You construct a query with q and run it with runQuery. The result is an object with a data prop. An example:

let { q, runQuery } = require('@actual-app/api');

let { data } = await runQuery(q('transactions').select('*'));

data will be an array of all the transactions in the system.

Specify split transaction behavior

Split transactions complicate things: when you sum transaction amounts, do you sum up all the subtransactions or do you just use the top-level transaction? When selecting transactions, which ones do you want?

The transactions table provides two different interfaces for transaction data to help with this. You can configure the type of data to return using options and passing a splits option:

q('transactions').select('*').options({ splits: 'inline' });

There are two different options for splits: inline or grouped*. inline is the default, and will not return the "parent" transaction of a split transaction. It will only show you subtransactions of split transaction, and the result is a flat array of transactions. This lets you sum all the amounts of transactions and by default it will ignore the "parent" transaction.

grouped always returns the full split transaction (parent and subtransaction), no matter which part of it matched a filter. The returned data is also grouped so that transactions have a subtransactions property that lists them.

These two options gives you full control over how you want to handle split transactions.

* There is a third option as well, all, which returns both transactions and subtransactions in a flat list. You only need this if doing something advanced.

Searching transactions

Calling filter applies conditions to the query; only data that matches the given filters will be returned.

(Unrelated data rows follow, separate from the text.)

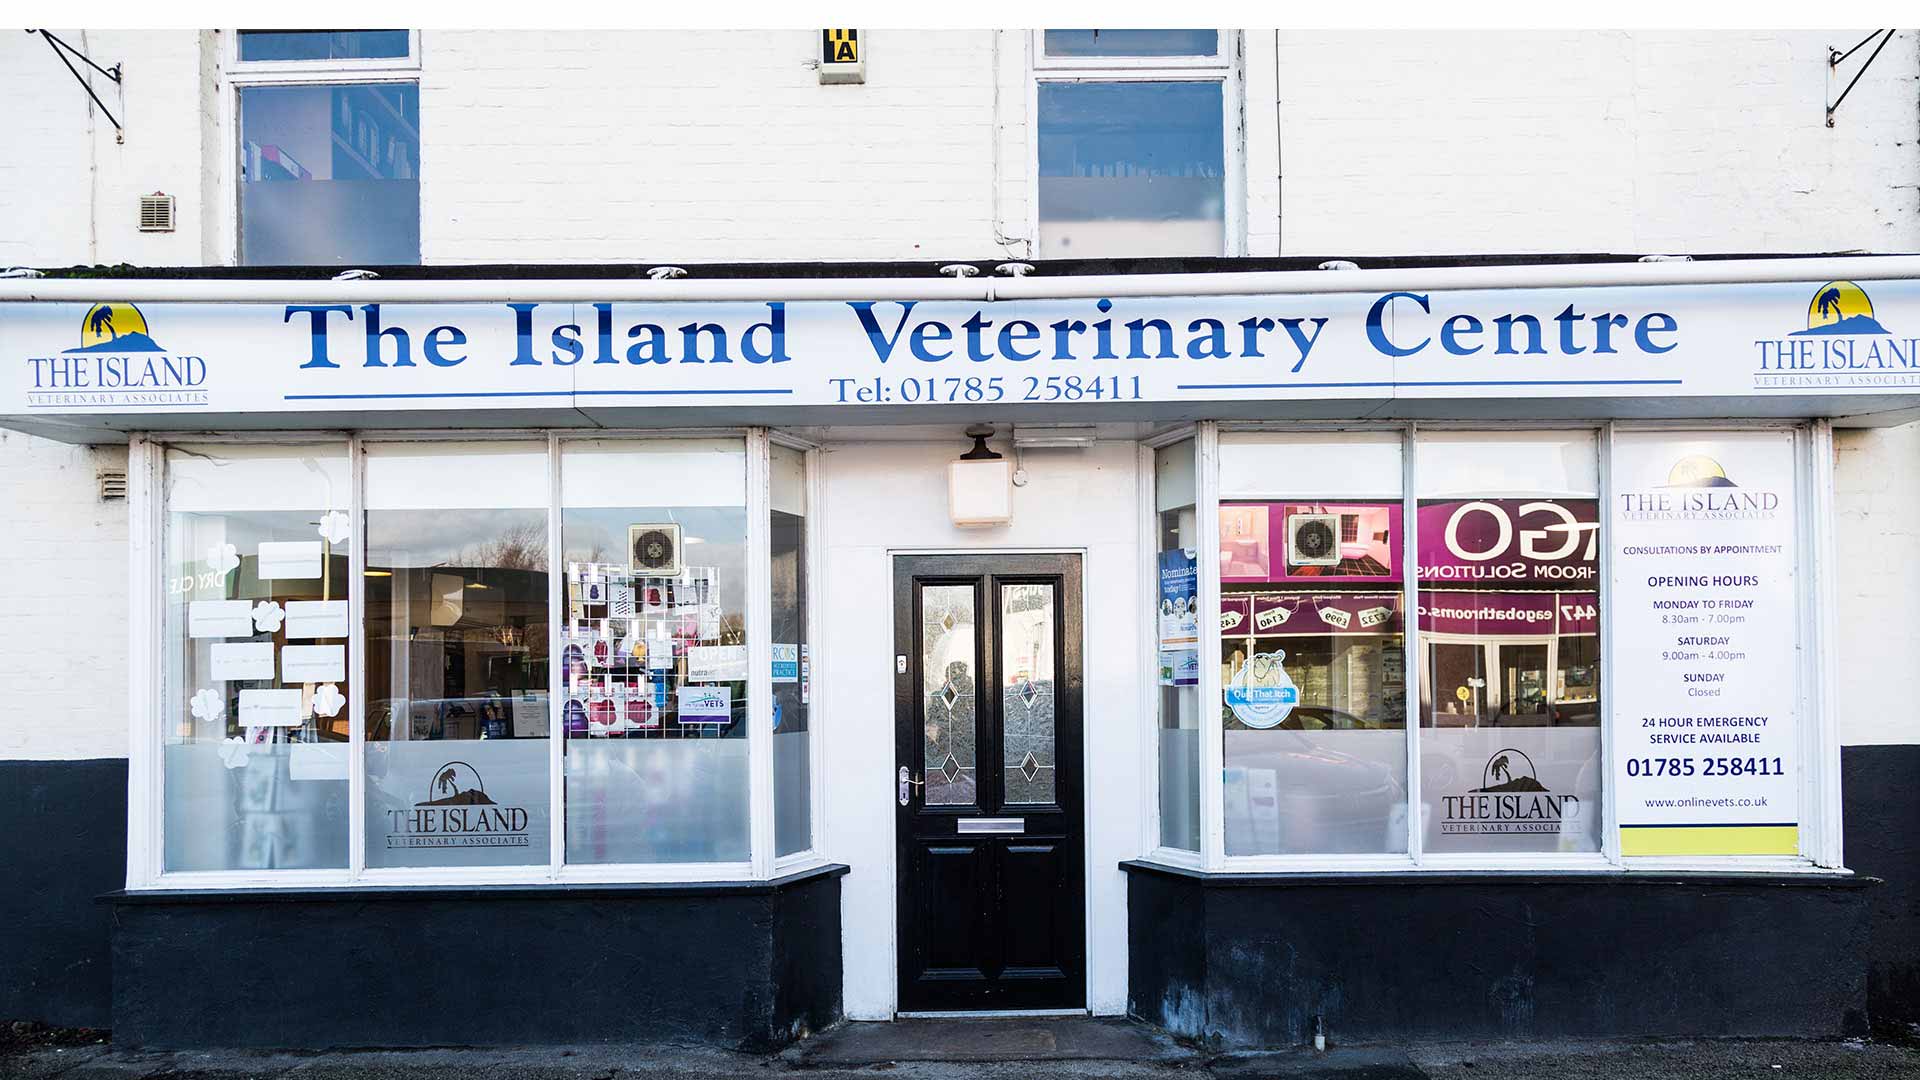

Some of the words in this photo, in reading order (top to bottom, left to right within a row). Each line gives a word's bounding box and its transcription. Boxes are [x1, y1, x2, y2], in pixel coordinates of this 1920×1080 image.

[284, 303, 468, 369] The
[506, 301, 792, 367] Island
[846, 298, 1329, 373] Veterinary
[1366, 292, 1679, 357] Centre
[1754, 340, 1816, 370] THE
[27, 358, 90, 388] THE
[96, 356, 207, 388] ISLAND
[1753, 376, 1841, 386] VETERINARY
[829, 378, 891, 403] Tel:
[900, 376, 1005, 402] 01785
[1023, 374, 1143, 400] 258411
[28, 394, 116, 405] VETERINARY
[124, 392, 209, 403] ASSOCIATES
[1621, 493, 1672, 512] THE
[1683, 492, 1779, 512] ISLAND
[1622, 512, 1697, 521] VETERINARY
[1704, 511, 1776, 520] ASSOCIATES
[1623, 546, 1699, 556] CONSULTATIONS
[1700, 546, 1712, 555] BY
[1714, 545, 1783, 555] APPOINTMENT
[1161, 565, 1198, 579] Nominate
[1648, 576, 1709, 588] OPENING
[1713, 575, 1759, 587] HOURS
[1653, 600, 1699, 609] MONDAY
[1702, 600, 1716, 609] TO
[1718, 600, 1754, 609] FRIDAY
[1662, 614, 1699, 624] 8.30am
[1708, 614, 1745, 625] 7.00pm
[1677, 636, 1730, 646] SATURDAY
[1662, 652, 1699, 661] 9.00am
[1708, 651, 1745, 662] 4.00pm
[1683, 674, 1725, 683] SUNDAY
[1688, 688, 1721, 697] Closed
[704, 700, 725, 708] VETS
[1642, 718, 1656, 728] 24
[1659, 718, 1693, 728] HOUR
[1696, 717, 1768, 728] EMERGENCY
[1650, 734, 1696, 744] SERVICE
[1699, 733, 1761, 744] AVAILABLE
[1626, 758, 1695, 777] 01785
[1702, 757, 1785, 776] 258411
[1442, 796, 1490, 820] THE
[1495, 794, 1581, 820] ISLAND
[1645, 796, 1768, 808] www.onlinevets.co.uk
[387, 809, 437, 833] THE
[442, 807, 528, 833] ISLAND
[1442, 824, 1511, 832] VETERINARY
[387, 838, 457, 846] VETERINARY
[463, 836, 529, 845] ASSOCIATES

The keys of a filter object are the names of the fields (see Transaction) and the values are the condition. By default, it will perform an "is equal" but you can also provide various operators. An example:

q('transactions')
.filter({
'category.name': 'Food',
date: { $gte: '2021-01-01' },
})
.select('*');

The $gte operator on date returns transactions on or after 2021-01-01. Available operators are $eq, $lt, $lte, $gt, $gte, and $like.

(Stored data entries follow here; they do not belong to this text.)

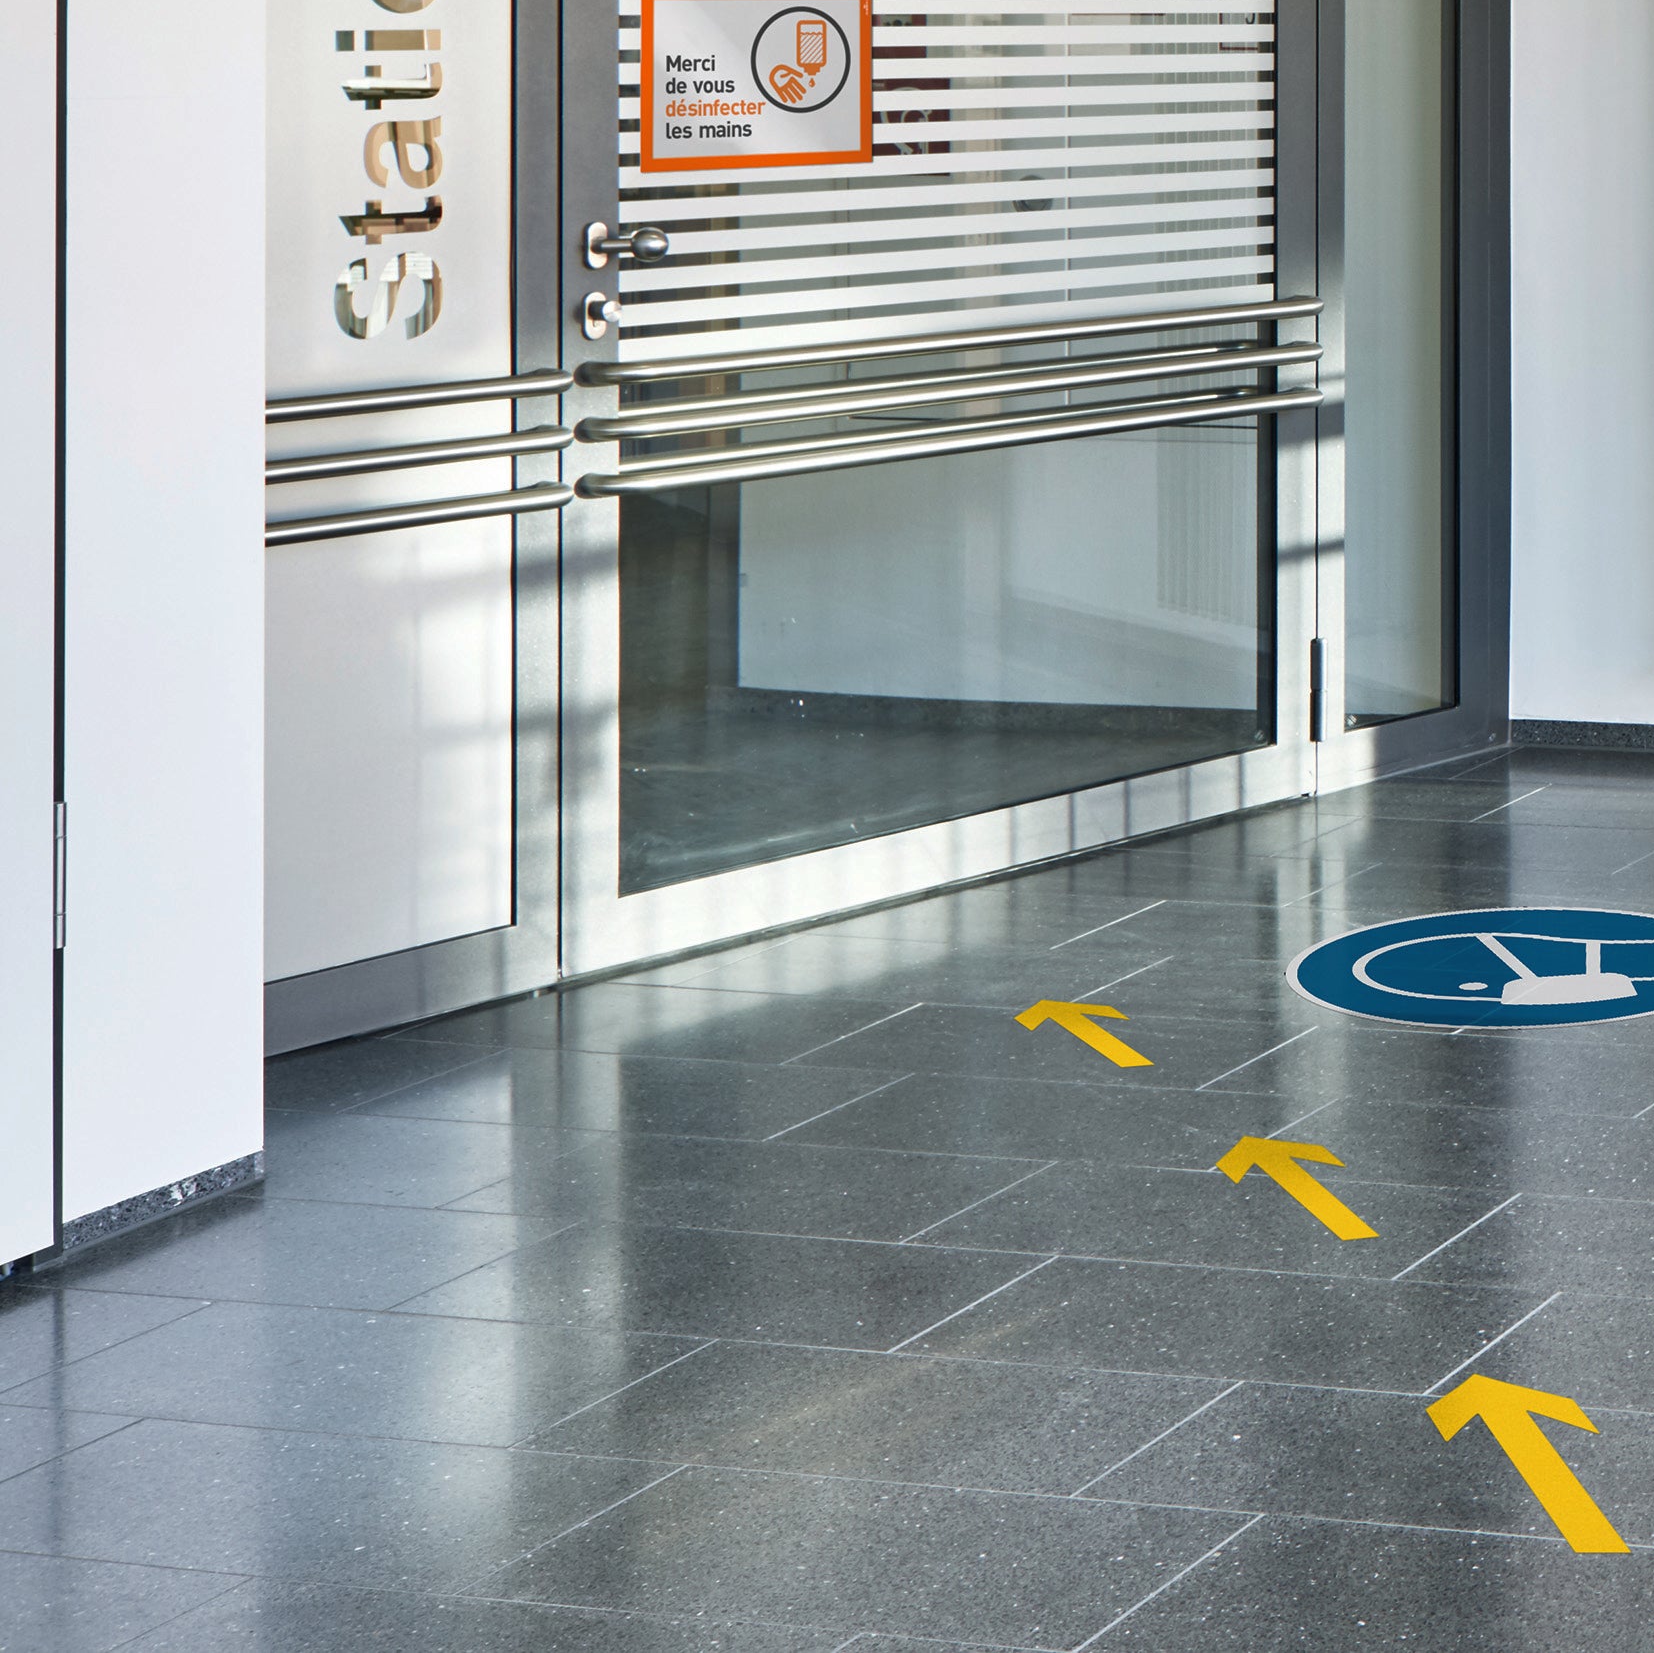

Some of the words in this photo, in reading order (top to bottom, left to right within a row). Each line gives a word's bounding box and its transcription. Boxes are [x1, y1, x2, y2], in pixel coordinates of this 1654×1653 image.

[665, 54, 716, 73] Merci
[665, 77, 688, 95] de
[692, 79, 736, 94] vous
[665, 97, 766, 118] désinfecter
[665, 120, 693, 140] les
[698, 120, 753, 139] mains

If you pass an array to a field, it will combine the conditions with $and:

q('transactions')
.filter({
date: [{ $gte: '2021-01-01' }, { $lte: '2021-12-31' }],
})
.select('*');

This is the same query but restricts it to transactions between 2021-01-01 and 2021-12-31. This could have been written as:

q('transactions')
.filter({
$and: [{ date: { $gte: '2021-01-01' } }, { date: { $lte: '2021-12-31' } }],
})
.select('*');

$and and $or takes an array and combines multiple conditions. For example, you could get transactions on multiple dates like this:

q('transactions')
.filter({
$or: [{ date: '2021-01-01' }, { date: '2021-01-02' }],
})
.select('*');

The above will return transactions on 2021-01-01 or 2021-01-02.